Mar Amate ha relatado las inhumanas condiciones de aquella maratón: más de 30 grados, caminos polvorientos y un único punto de agua en 42 kilómetros. El ganador, Thomas Hicks, cruzó la meta casi inconsciente después de que su equipo le suministrara dosis de estricnina con brandy para estimularle, un método que en esa época era considerado ciencia.
Más de un siglo después, el enfoque es radicalmente distinto. La ciencia ya no busca estimular con venenos, sino optimizar el cuerpo humano como una máquina. Los equipos que rodean a los atletas de élite trabajan para mejorar sus habilidades por medio de la tecnología, llevando el rendimiento a cotas que han permitido batir marcas que parecían imbatibles.
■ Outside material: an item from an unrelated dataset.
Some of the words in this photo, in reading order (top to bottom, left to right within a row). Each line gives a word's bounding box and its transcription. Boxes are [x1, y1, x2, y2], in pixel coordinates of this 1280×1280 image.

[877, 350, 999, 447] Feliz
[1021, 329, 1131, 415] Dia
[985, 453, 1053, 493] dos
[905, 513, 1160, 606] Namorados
Sin embargo, el doctor en Ciencias del Deporte, Roberto Cejuela, matiza el papel de la innovación. "La ciencia en sí no mejora la marca deportiva o el rendimiento deportivo. Sobre todo, lo que más mejora el rendimiento deportivo es el entrenamiento", explica. Cejuela añade que los propios reglamentos, como los que ya regulan las zapatillas, pueden limitar el impacto de la tecnología.
Uno de los avances más disruptivos son las zapatillas con placas de carbono y espumas ultraligeras. Este calzado no solo amortigua, sino que devuelve energía en cada zancada, haciendo la carrera más eficiente. Esta tecnología, según ha detallado Amate, puede suponer una mejora de entre un 3% y un 4% en una maratón, lo que se traduce en minutos.
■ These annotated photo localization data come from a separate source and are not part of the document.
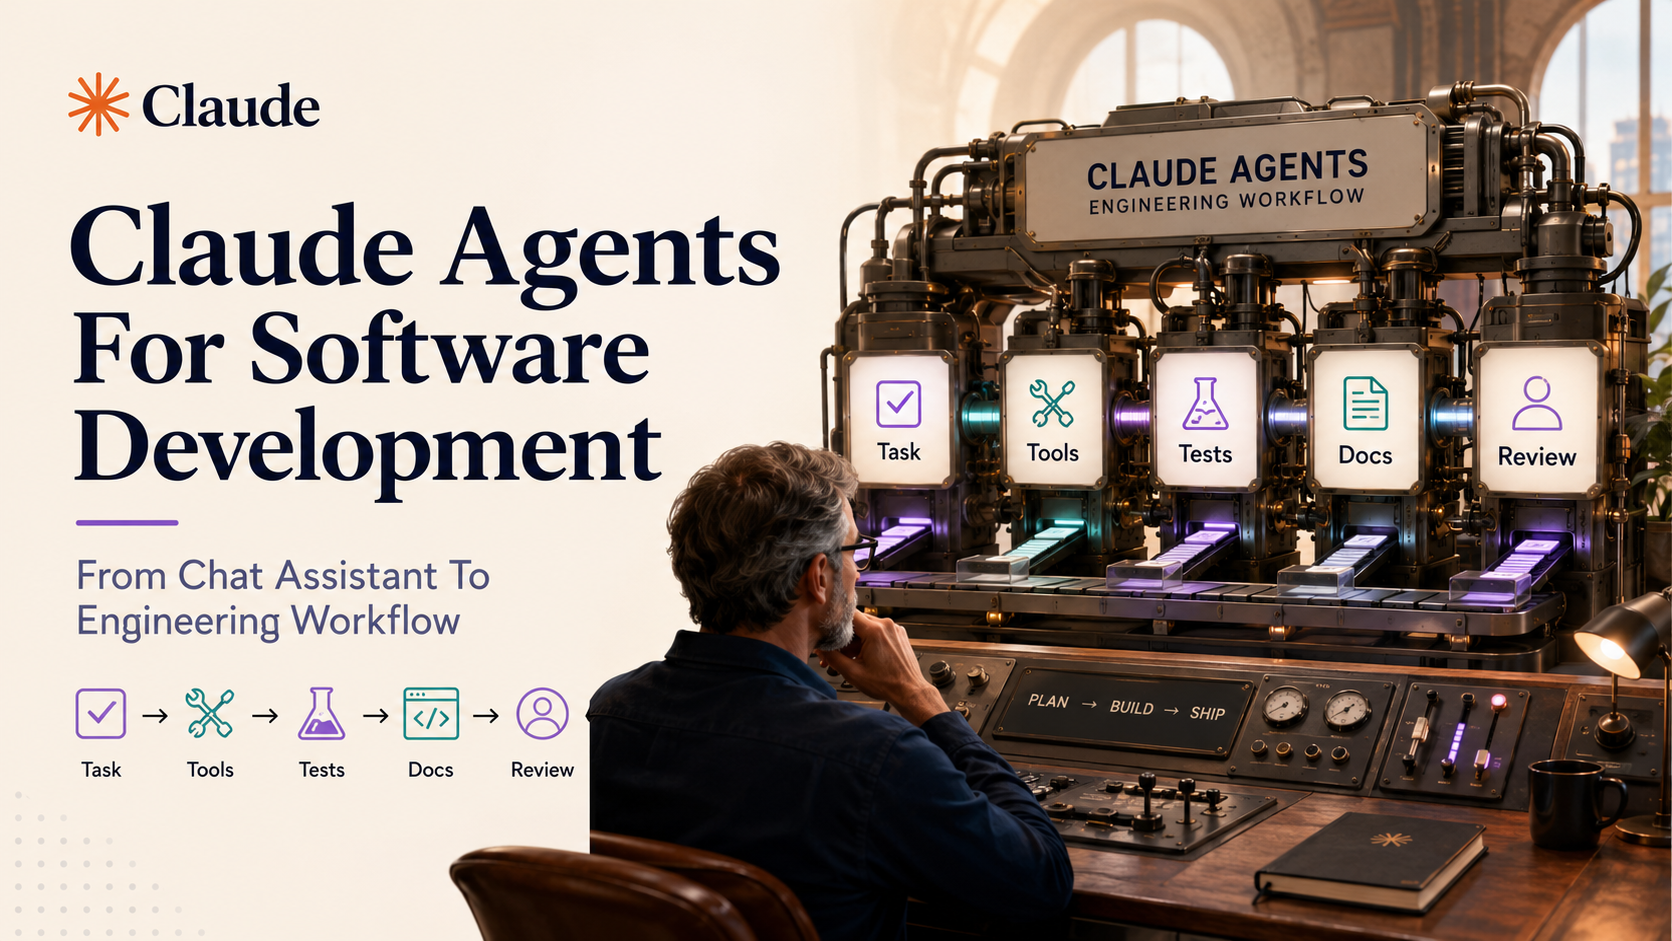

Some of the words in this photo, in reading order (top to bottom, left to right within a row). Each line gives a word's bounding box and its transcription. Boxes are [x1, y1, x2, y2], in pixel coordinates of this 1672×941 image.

[1088, 157, 1216, 190] CLAUDE
[1230, 149, 1367, 183] AGENTS
[1090, 194, 1228, 214] ENGINEERING
[1239, 188, 1364, 208] WORKFLOW
[877, 442, 920, 460] Task
[1027, 443, 1078, 461] Tools
[1179, 444, 1232, 463] Tests
[1340, 445, 1392, 464] Docs
[1499, 446, 1576, 466] Review
[1028, 694, 1069, 708] PLAN
[1110, 700, 1153, 714] BUILD
[1190, 707, 1225, 720] SHIP
El excampeón mundial de maratón, Martín Fiz, coincide en este punto, afirmando que, además del talento, las innovaciones son clave en los récords actuales. "Evidentemente, y yo lo he probado, es el calzado, el mayor avance", asegura. Según Fiz, estas zapatillas permiten que los atletas lleguen "a los últimos kilómetros, a los últimos metros, con las fuerzas intactas".
Más allá de la tecnología, la mente es un factor decisivo, como explica el modelo del gobernador central. Esta teoría sostiene que el cerebro actúa como un sistema de protección, generando fatiga o dolor para evitar que el cuerpo se dañe. Los deportistas de élite aprenden a interpretar y superar estas señales para seguir adelante.
El bicampeón mundial de maratón, Abel Antón, lo considera fundamental. "Realmente, el que tiene una buena cabeza, al final, ese es ganador", sentenció. Para Antón, la fortaleza mental es tan importante que su impacto es rotundo: "Por eso yo pienso que el 50% de los triunfos es por una buena cabeza".
En definitiva, el atleta del siglo XXI es un híbrido entre biología y tecnología. A diferencia de pioneros como Thomas Hicks, los corredores actuales combinan su talento innato con la ciencia, la gestión de datos, la estrategia y un equipamiento avanzado para seguir rompiendo las barreras del rendimiento humano.